◆ **Exercise details**: Each record is to be copied exactly, with its pictures left behind.
************
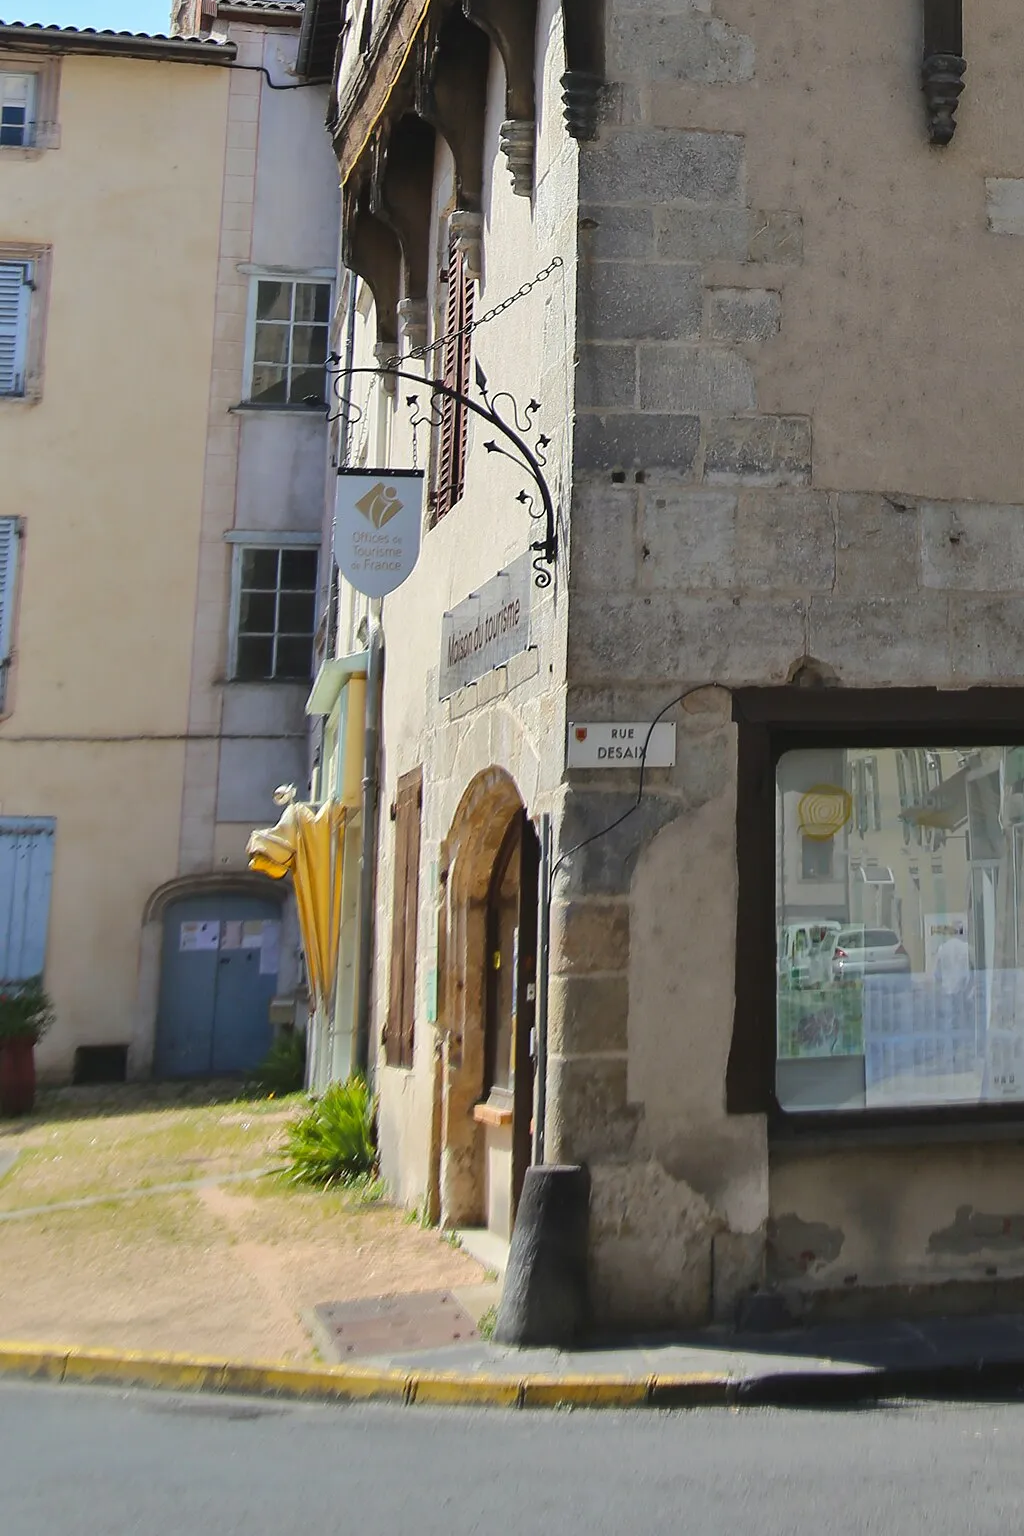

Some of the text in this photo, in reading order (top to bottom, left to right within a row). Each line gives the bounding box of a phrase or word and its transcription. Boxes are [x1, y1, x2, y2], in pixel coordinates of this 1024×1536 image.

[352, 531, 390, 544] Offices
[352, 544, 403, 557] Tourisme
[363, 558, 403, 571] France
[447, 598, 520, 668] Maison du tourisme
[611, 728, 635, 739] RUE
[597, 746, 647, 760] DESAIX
************
◆ **Answer box**:
Some of the text in this photo, in reading order (top to bottom, left to right within a row). Each line gives the bounding box of a phrase or word and its transcription. Boxes are [x1, y1, x2, y2], in pixel coordinates of this 1024×1536 image.

[352, 531, 390, 544] Offices
[352, 544, 403, 557] Tourisme
[363, 558, 403, 571] France
[447, 598, 520, 668] Maison du tourisme
[611, 728, 635, 739] RUE
[597, 746, 647, 760] DESAIX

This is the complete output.